あじさい鍼灸マッサージ治療院 アジサイ塾東洋医学を探す寺社巡り
アジサイ塾の東洋医学を探す寺社巡り

 

 

日曜日にいつも当院に勉強に来る鍼灸マッサージ学生さんと共に寺社巡りをしました。

 

きっかけは昨年、日暮里で行われた『東洋医学について語るBAR』。ここには主に鍼灸師、あん摩マッサージ指圧師が参加しましたが一般のお客さんもいました。そこで東洋医学を知らない方に東洋医学を伝えるようなことをしました。そこで触れたのが東洋医学の基本となる陰陽論五行説。そのまま話しても理解しにくいので土地や方角、風習を題材にしました。
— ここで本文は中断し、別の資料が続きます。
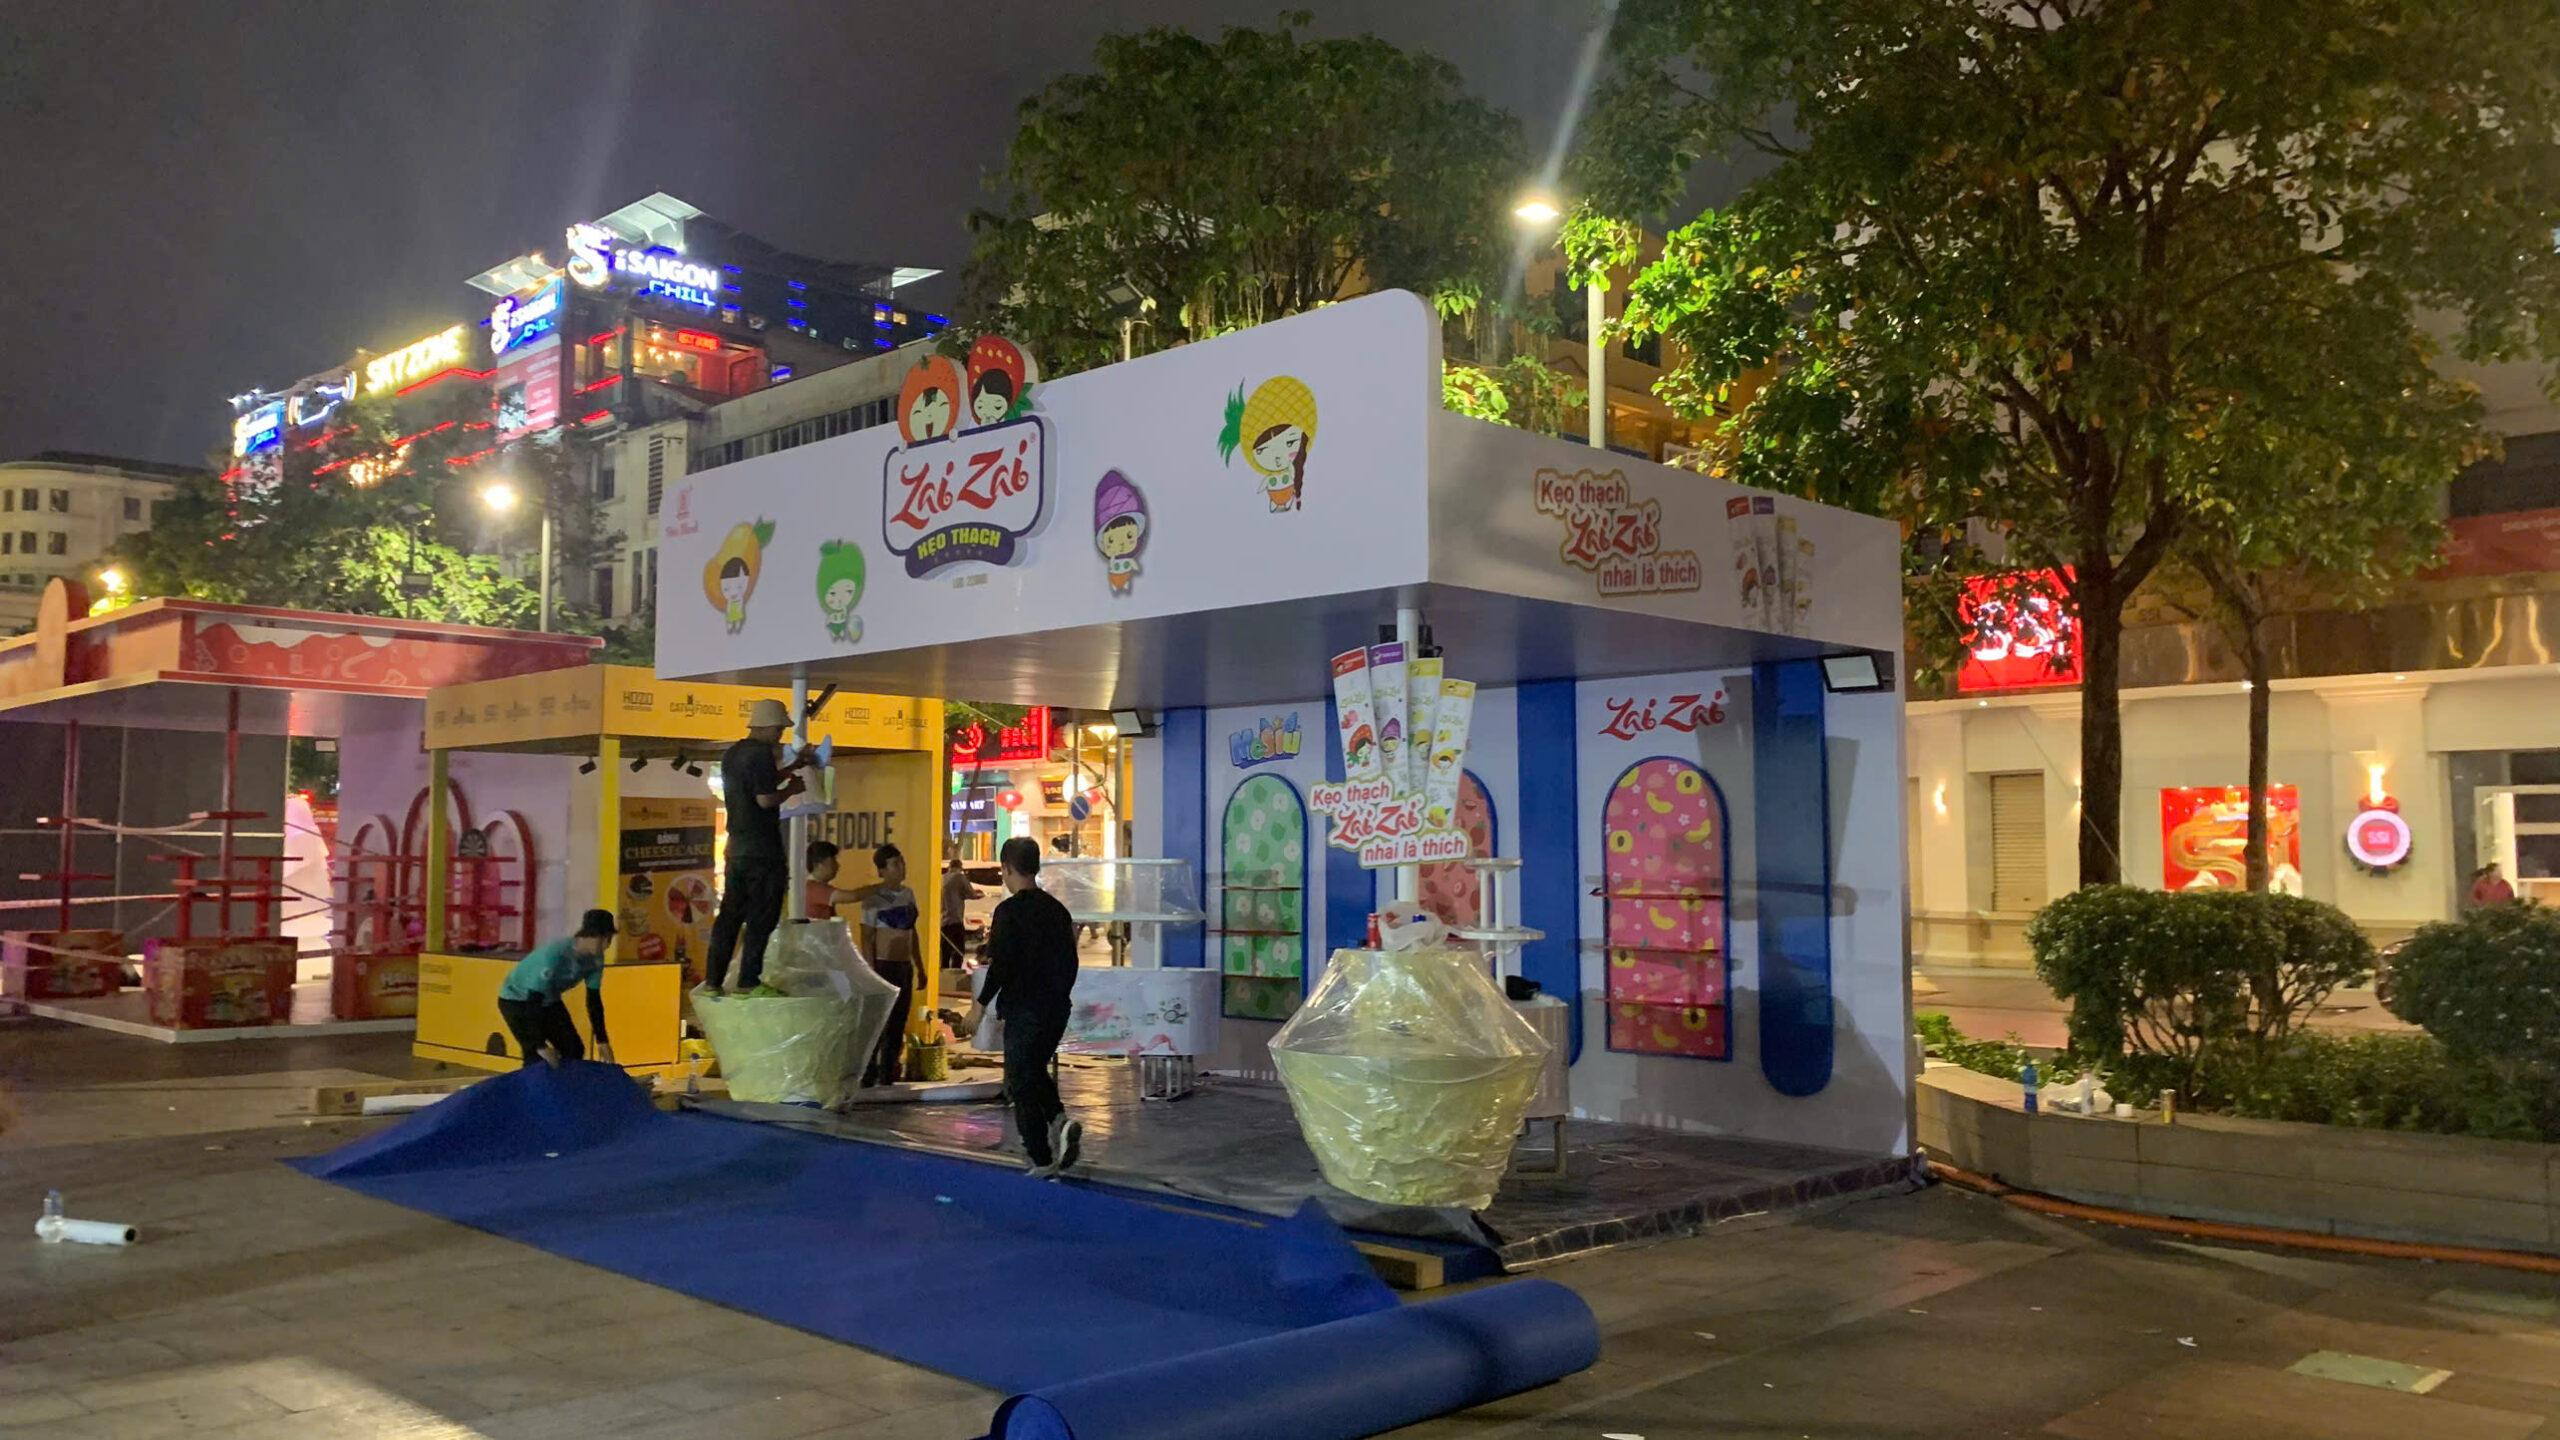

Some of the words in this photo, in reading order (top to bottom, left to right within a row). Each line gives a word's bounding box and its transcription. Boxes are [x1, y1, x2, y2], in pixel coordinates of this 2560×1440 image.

[649, 280, 716, 307] CHILL
[890, 461, 954, 530] Zai
[957, 440, 1029, 510] Zai
[1541, 480, 1574, 509] Kẹo
[1580, 480, 1624, 508] thạch
[951, 527, 1001, 548] THẠCH
[1567, 512, 1610, 563] Zai
[1613, 511, 1656, 555] Zai
[1603, 562, 1637, 587] nhai
[1642, 562, 1655, 585] là
[1659, 560, 1697, 585] thích
[1597, 697, 1656, 741] Zai
[1661, 690, 1725, 732] Zai
[1313, 788, 1342, 808] Kẹo
[1347, 782, 1390, 804] thạch
[1334, 809, 1373, 844] Zai
[1375, 801, 1419, 836] Zai
[1365, 843, 1398, 861] nhai
[1404, 840, 1417, 858] là
[1423, 836, 1465, 856] thích
[2367, 830, 2390, 845] SSI
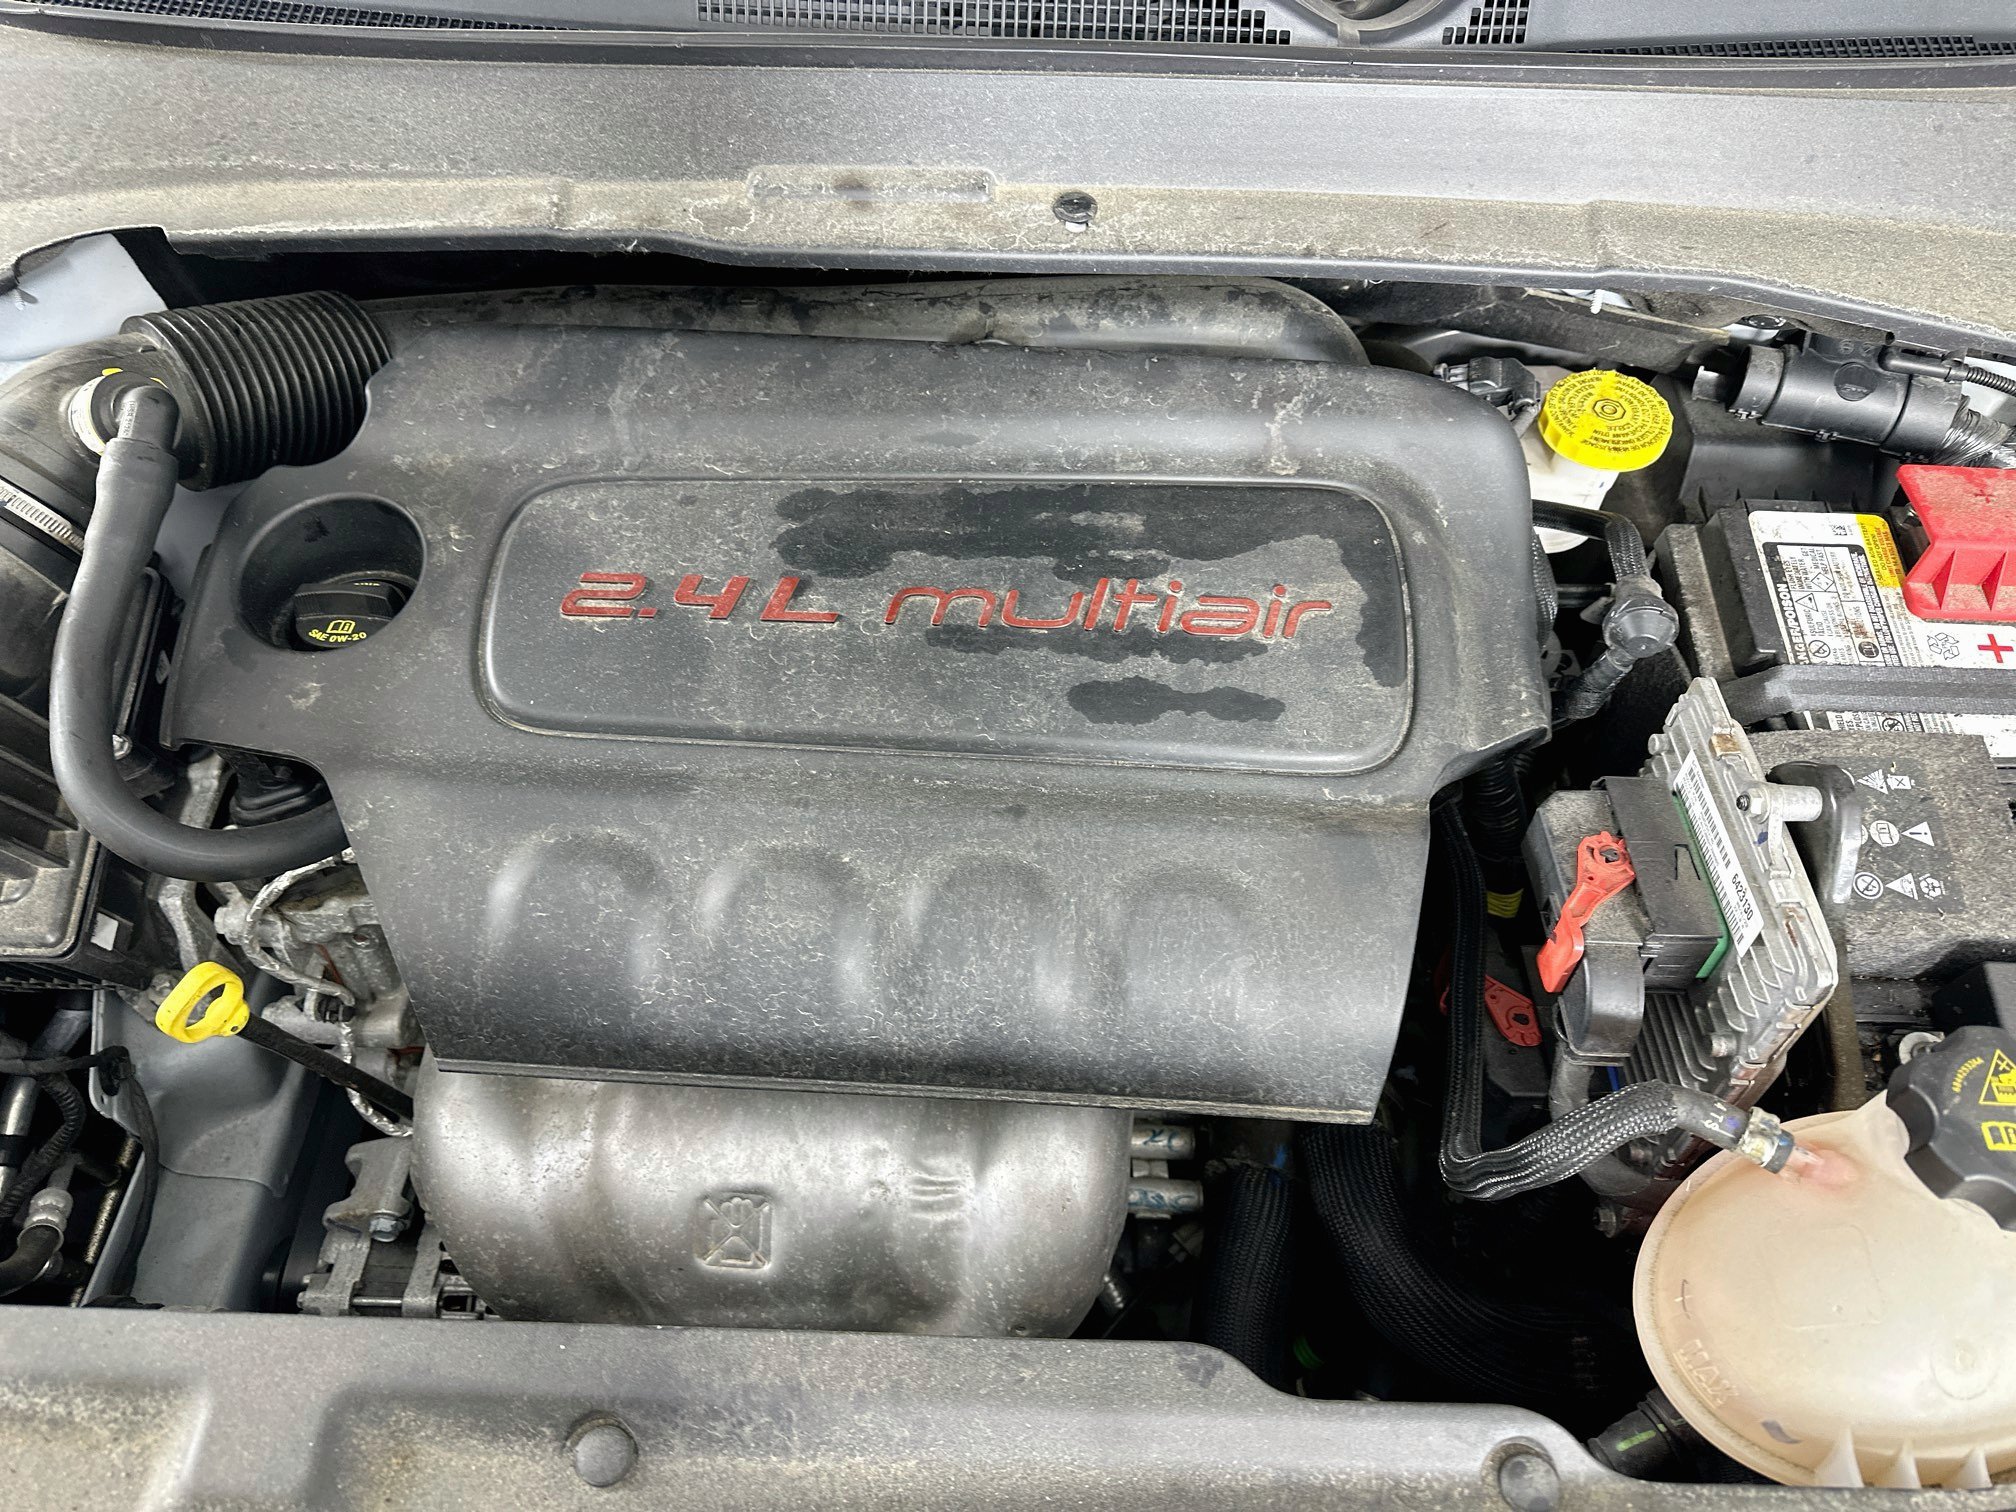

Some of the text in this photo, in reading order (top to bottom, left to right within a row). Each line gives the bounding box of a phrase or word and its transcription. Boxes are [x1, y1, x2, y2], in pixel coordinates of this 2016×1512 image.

[308, 628, 368, 644] SAE 0W-20
[883, 576, 1336, 642] multiair
[1775, 583, 1811, 664] ANGER/POISON
[1731, 873, 1754, 921] 6423130
[1679, 1337, 1741, 1405] MAX
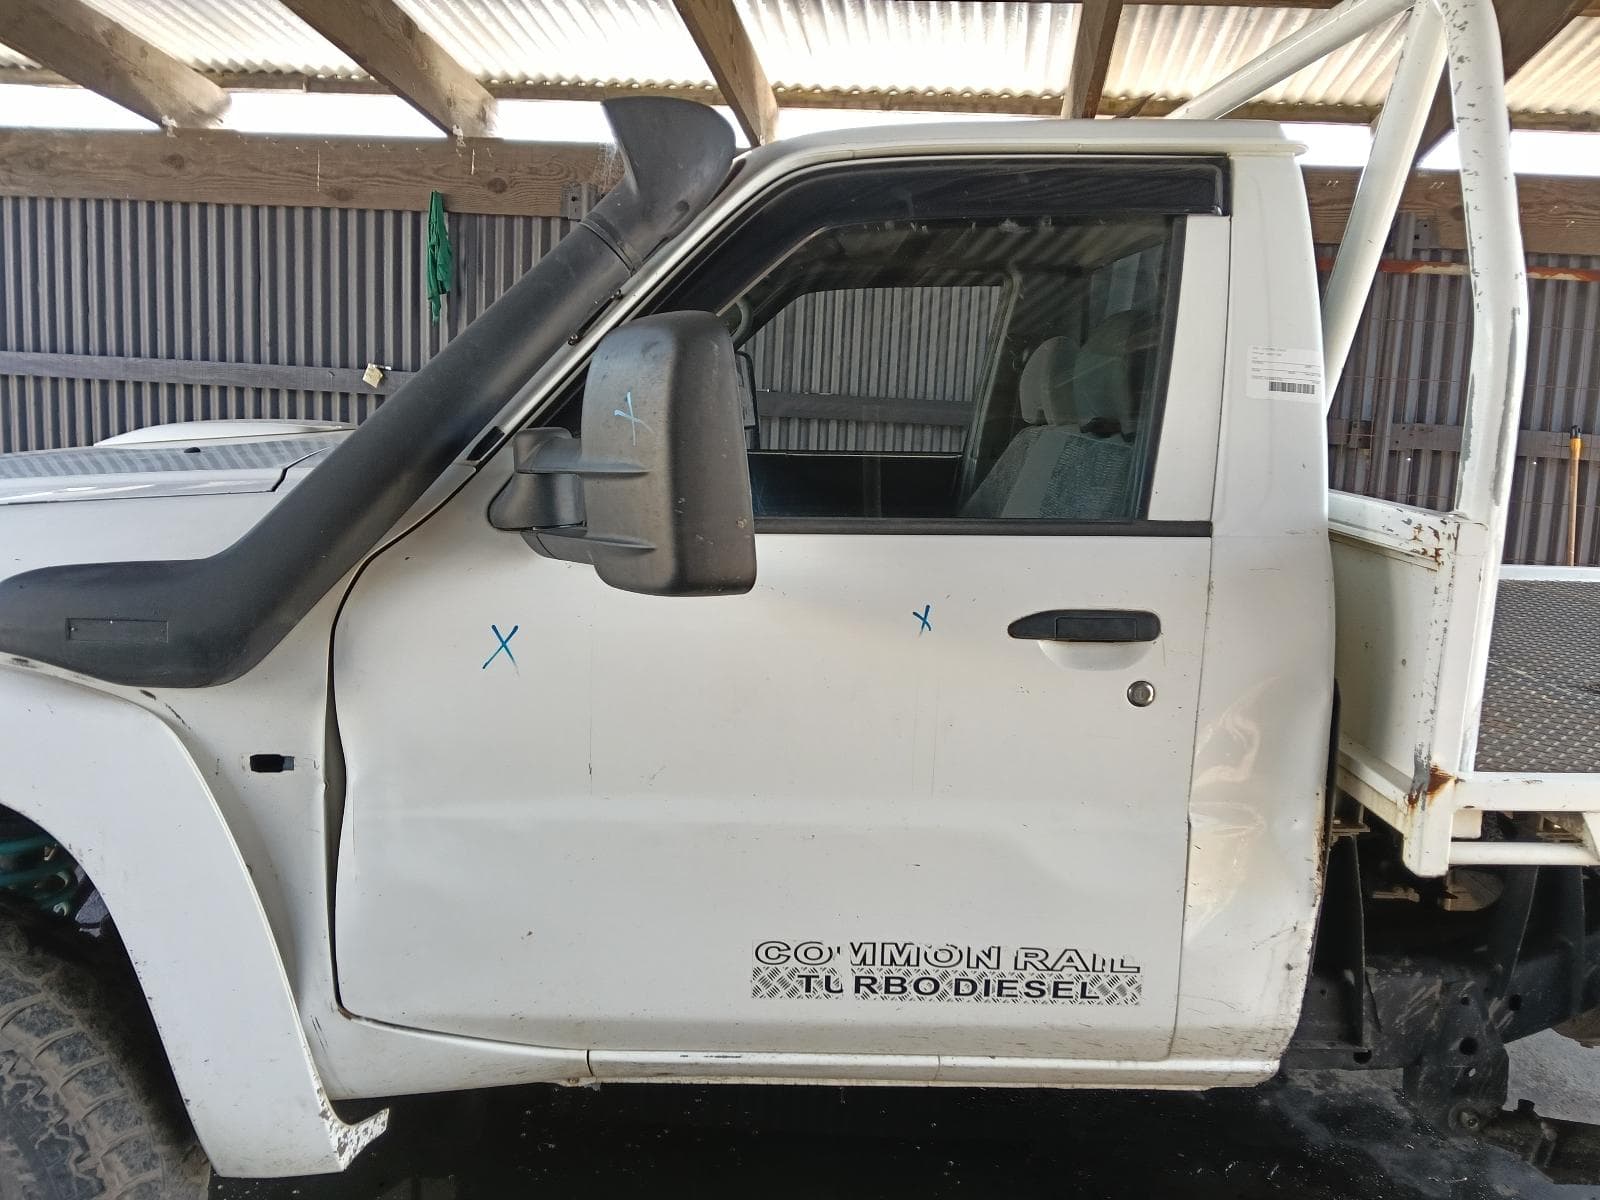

日暮里は江戸城(現在の皇居)からみて北東の方向にあり、これが鬼門の方向で、鬼門封じとして広大な寛永寺を置いた、そのエリアに入るという。北東は十二支でいうと丑寅。十二支、方角は五行説を当てはめることができます。こんな話をしていたら、初詣を鍼灸師と一緒に行ったら面白そう、という一般の方の声が挙がりました。それを聞いた私は、それは確かに面白いだろうなと思いました。一般の方に東洋医学を説明するのに初詣で寺社に行く機会は使えるなと。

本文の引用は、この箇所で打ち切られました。